Your task >> Return the data that follows exactly, with each line intact.

Task data >>
****

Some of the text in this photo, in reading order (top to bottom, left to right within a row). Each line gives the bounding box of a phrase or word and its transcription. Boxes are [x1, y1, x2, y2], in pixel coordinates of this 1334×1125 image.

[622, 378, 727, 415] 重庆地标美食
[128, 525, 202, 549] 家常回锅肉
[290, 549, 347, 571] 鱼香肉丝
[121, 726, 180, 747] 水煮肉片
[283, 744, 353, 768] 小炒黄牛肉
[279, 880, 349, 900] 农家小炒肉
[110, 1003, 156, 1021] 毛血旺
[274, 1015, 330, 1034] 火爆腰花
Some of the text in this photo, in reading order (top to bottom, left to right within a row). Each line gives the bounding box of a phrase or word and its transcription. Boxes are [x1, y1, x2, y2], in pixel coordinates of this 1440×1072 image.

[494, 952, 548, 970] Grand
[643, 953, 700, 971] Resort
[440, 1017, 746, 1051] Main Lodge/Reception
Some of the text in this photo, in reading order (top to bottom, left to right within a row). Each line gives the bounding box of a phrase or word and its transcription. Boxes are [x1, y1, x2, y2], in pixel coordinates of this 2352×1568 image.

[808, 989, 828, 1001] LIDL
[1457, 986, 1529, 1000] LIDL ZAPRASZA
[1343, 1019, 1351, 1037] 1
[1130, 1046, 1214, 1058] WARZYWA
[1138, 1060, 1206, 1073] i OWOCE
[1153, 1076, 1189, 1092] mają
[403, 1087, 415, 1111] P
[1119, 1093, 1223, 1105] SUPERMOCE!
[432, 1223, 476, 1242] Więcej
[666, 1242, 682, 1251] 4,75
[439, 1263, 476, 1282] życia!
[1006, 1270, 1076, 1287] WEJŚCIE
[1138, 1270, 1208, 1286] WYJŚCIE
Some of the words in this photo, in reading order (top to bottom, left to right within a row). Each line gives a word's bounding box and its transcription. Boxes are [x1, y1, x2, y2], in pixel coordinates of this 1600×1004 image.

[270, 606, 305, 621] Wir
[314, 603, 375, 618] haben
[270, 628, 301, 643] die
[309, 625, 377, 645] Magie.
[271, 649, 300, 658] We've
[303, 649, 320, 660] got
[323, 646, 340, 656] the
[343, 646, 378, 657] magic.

****

Solution >>
Some of the text in this photo, in reading order (top to bottom, left to right within a row). Each line gives the bounding box of a phrase or word and its transcription. Boxes are [x1, y1, x2, y2], in pixel coordinates of this 1334×1125 image.

[622, 378, 727, 415] 重庆地标美食
[128, 525, 202, 549] 家常回锅肉
[290, 549, 347, 571] 鱼香肉丝
[121, 726, 180, 747] 水煮肉片
[283, 744, 353, 768] 小炒黄牛肉
[279, 880, 349, 900] 农家小炒肉
[110, 1003, 156, 1021] 毛血旺
[274, 1015, 330, 1034] 火爆腰花
Some of the text in this photo, in reading order (top to bottom, left to right within a row). Each line gives the bounding box of a phrase or word and its transcription. Boxes are [x1, y1, x2, y2], in pixel coordinates of this 1440×1072 image.

[494, 952, 548, 970] Grand
[643, 953, 700, 971] Resort
[440, 1017, 746, 1051] Main Lodge/Reception
Some of the text in this photo, in reading order (top to bottom, left to right within a row). Each line gives the bounding box of a phrase or word and its transcription. Boxes are [x1, y1, x2, y2], in pixel coordinates of this 2352×1568 image.

[808, 989, 828, 1001] LIDL
[1457, 986, 1529, 1000] LIDL ZAPRASZA
[1343, 1019, 1351, 1037] 1
[1130, 1046, 1214, 1058] WARZYWA
[1138, 1060, 1206, 1073] i OWOCE
[1153, 1076, 1189, 1092] mają
[403, 1087, 415, 1111] P
[1119, 1093, 1223, 1105] SUPERMOCE!
[432, 1223, 476, 1242] Więcej
[666, 1242, 682, 1251] 4,75
[439, 1263, 476, 1282] życia!
[1006, 1270, 1076, 1287] WEJŚCIE
[1138, 1270, 1208, 1286] WYJŚCIE
Some of the words in this photo, in reading order (top to bottom, left to right within a row). Each line gives a word's bounding box and its transcription. Boxes are [x1, y1, x2, y2], in pixel coordinates of this 1600×1004 image.

[270, 606, 305, 621] Wir
[314, 603, 375, 618] haben
[270, 628, 301, 643] die
[309, 625, 377, 645] Magie.
[271, 649, 300, 658] We've
[303, 649, 320, 660] got
[323, 646, 340, 656] the
[343, 646, 378, 657] magic.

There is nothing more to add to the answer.